Когда мы таким образом беседовали о чернильнице (коя неотменно напоминала мне кошель Фортуната), попался мне нечаянно в руки титулярник; в нем по тогдашним моим понятиям всяческих глупостей было больше, чем доселе мне доводилось повстречать. Я сказал секретарю: «То ведь все адамовы чада и одного между собою рода, а по правде от праха и пепла! Откуда же повелось столь великое различие? Святейший, Непобедимейший, Светлейший! Не суть ли то свойства божии? Здесь Ваша милость, там Ваша строгость, и к чему еще тут Урожденный? Ведь довольно известно, что никто с неба не падает, из воды не возникает и на земле, подобно капусте, не растет. Почто тут одни токмо Пре-Высоко-Благородные, а нет двоюродных, троюродных, четвероюродных? Что это за дурацкое слово – Предусмотрительный? Разве у кого-нибудь глаза на затылке?» Секретарь принужден был, глядя на меня, рассмеяться и взял на себя труд пояснить, что означает тот или иной титул, и растолковать каждое слово особливо; я же упрямо стоял на том, что титулы даются не по праву; куда похвальнее титуловать кого-либо Ваше Благорасположение, нежели Ваша Строгость; item ежели слово «благородный» само по себе означает высокую добродетель, так почему же когда соединяют его со словом «высокородный» (которое означает князя или графа), то сие новое слово «Высокоблагородный» умаляет княжеский тот титул, ибо прилагается к людям незнатным? Да и само слово «Благородие» не сущая ли нелепость? Сие засвидетельствует мать любого барона, ежели ее спросят, благо ли ей было во время родов.

Меж тем как я таким образом все высмеивал, то невзначай произвел столь жестокий выстрел легкого пороху, что оба, секретарь и я сам, сильно испугались.

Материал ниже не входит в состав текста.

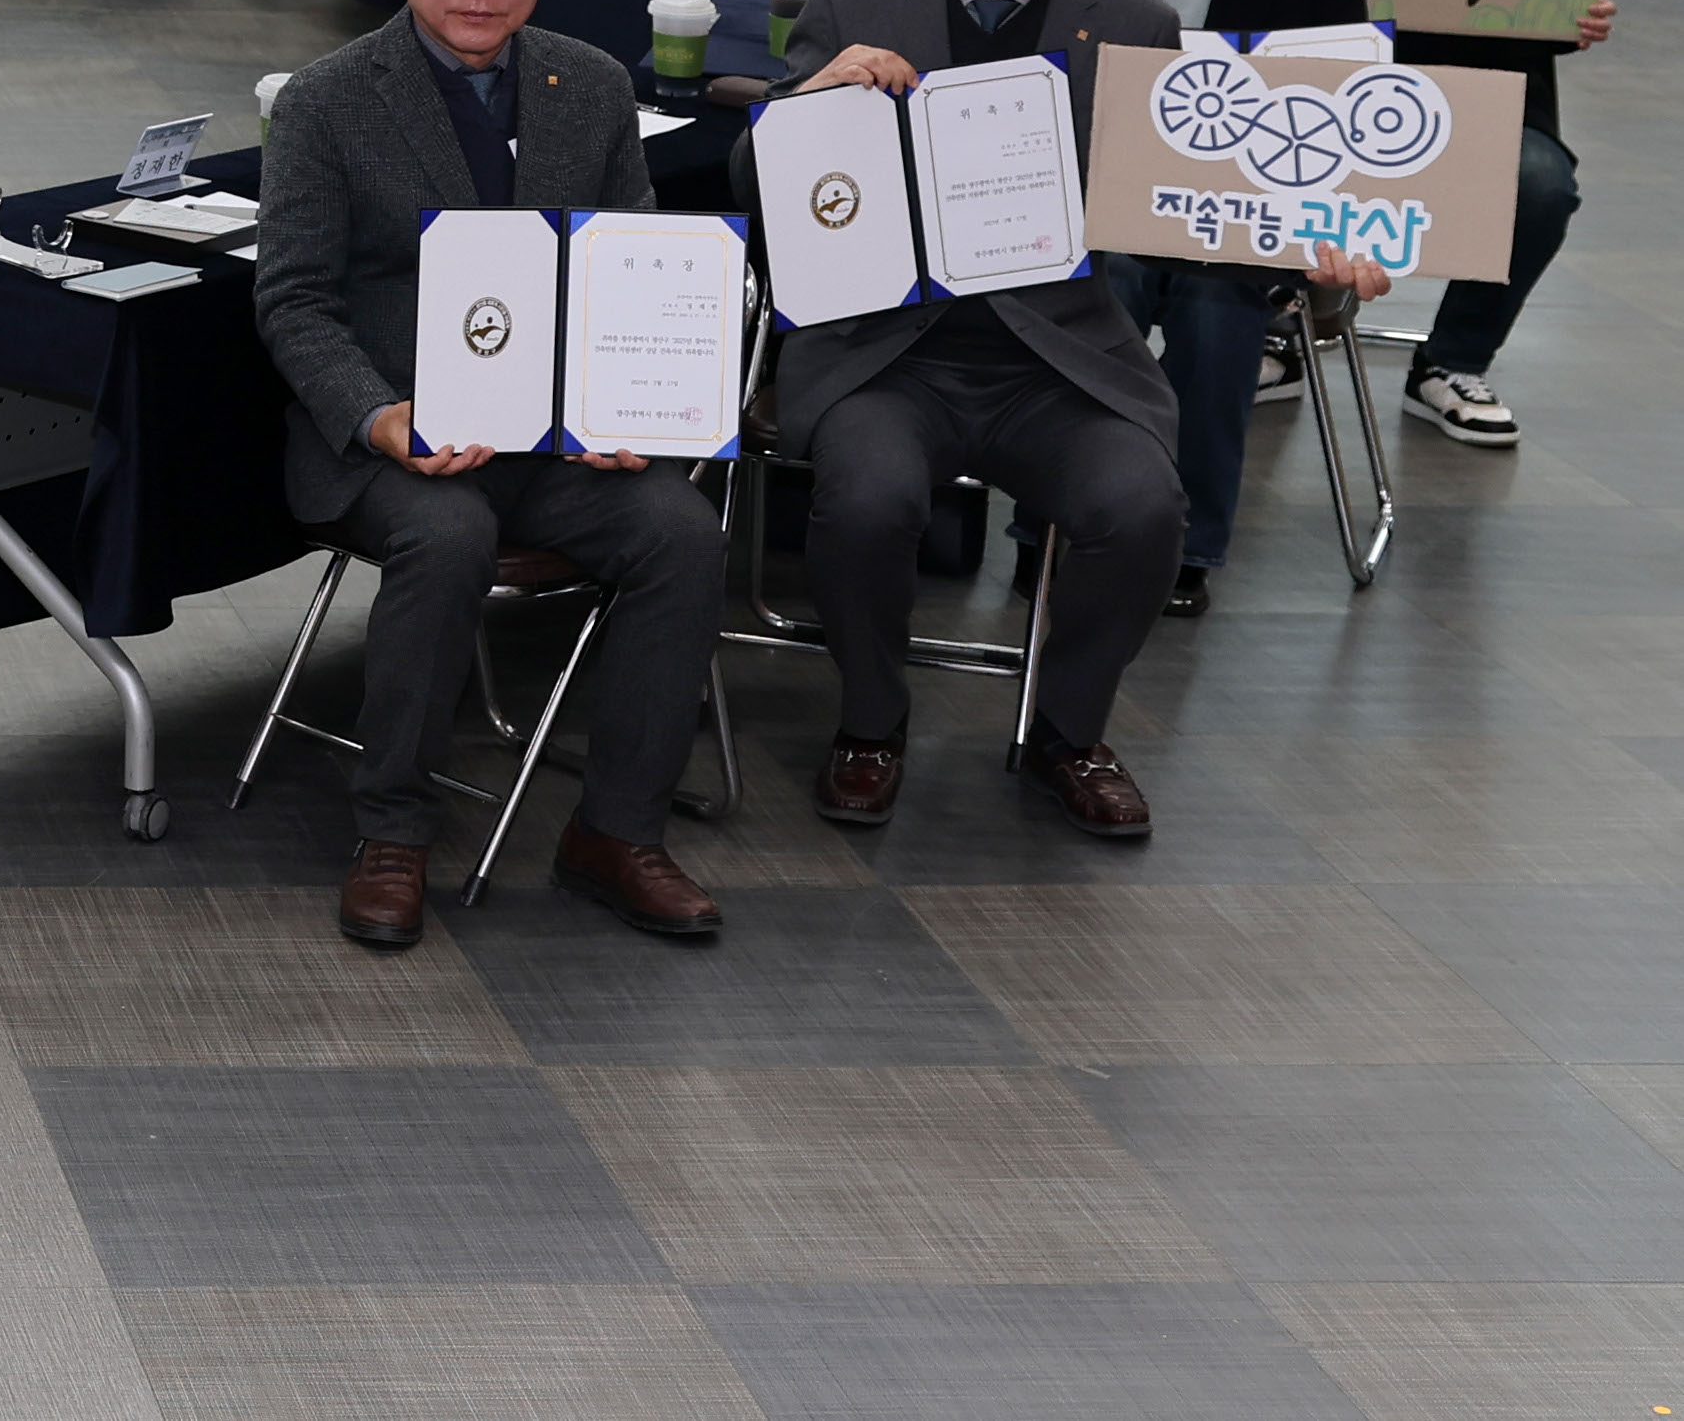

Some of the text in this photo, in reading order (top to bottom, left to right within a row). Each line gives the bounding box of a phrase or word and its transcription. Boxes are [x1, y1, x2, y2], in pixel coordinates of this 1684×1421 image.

[131, 151, 184, 179] 정재한
[1156, 193, 1425, 269] 지속가능 광산
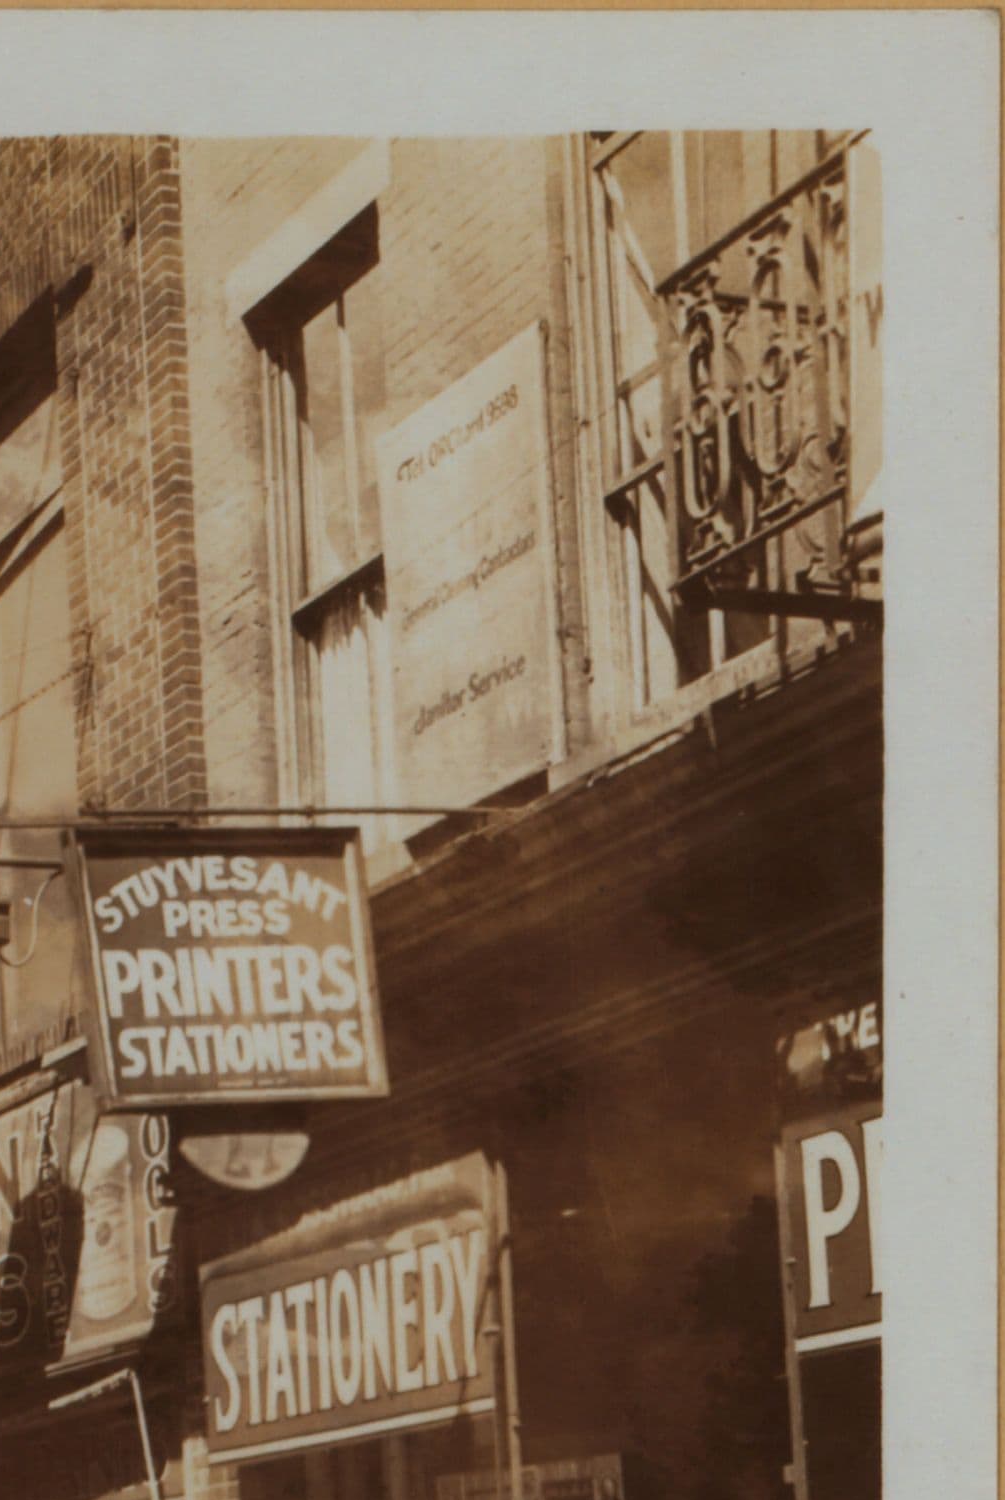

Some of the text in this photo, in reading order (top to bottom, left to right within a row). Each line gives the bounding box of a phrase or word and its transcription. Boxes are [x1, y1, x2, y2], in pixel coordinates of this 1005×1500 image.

Сей немедленно возвестил о себе нашим носам и разнесся по всей комнате с такой крепостью, словно еще не довольно было, что мы перед тем его слышали. «Проваливай, свинья! – закричал на меня секретарь. – В свиной хлев ко всем прочим свиньям, с коими ты, болван, скорее придешь к согласию, нежели в конверсации с людьми почтенными». Однако ж и он сам принужден был убраться с того места, оставив его во владение ужасающей вони. Итак, доброе знакомство, которое я свел в канцелярии, и сам по известной пословице себе испортил.

Двадцать восьмая глава

Симплиций в гаданье теряет кураж,

Его надувает проказливый паж

Однако сия напасть приключилась со мною неповинно, ибо непривычные кушанья и лекарства, какие я получал каждодневно, дабы привести в разум мой ссохшийся желудок и сморщившиеся кишки, возбуждали в животе моем свирепые вихри и прежестокие ветры, порядком меня терзавшие, когда они неистово рвались на волю; и так как у меня и в мыслях не было, что я поступаю плохо, когда таким образом снизойду к природе, поелику такой внутренней силе долго противиться и без того было невозможно, да и мой отшельник (ибо оные ветры негусто были у него посеяны) никогда не наставлял меня о том, и мой батька не заказывал мне преграждать путь подобным детинам, так что я пустил их на вольный воздух и выпустил все, что просилось наружу, пока не лишился сказанным манером у нашего секретаря всякого кредиту. Утрата сей милости была бы мне по столь тяжела, когда избавился бы я тем от еще горших злоключений; ибо со мною происходило все так же, как с благочестивым мужем, пришедшим ко двору княжескому, где ополчались Змий на Назика, Голиаф на Давида, Минотавр на Тесея, Медуза на Персея, Цирцея на Улисса, Эгист на Менелая, Палудус на Короба, Медея на Пелия, кентавр Несс на Геркулеса, ну, и кто там еще, Алтея на собственного сына своего Мелеагра.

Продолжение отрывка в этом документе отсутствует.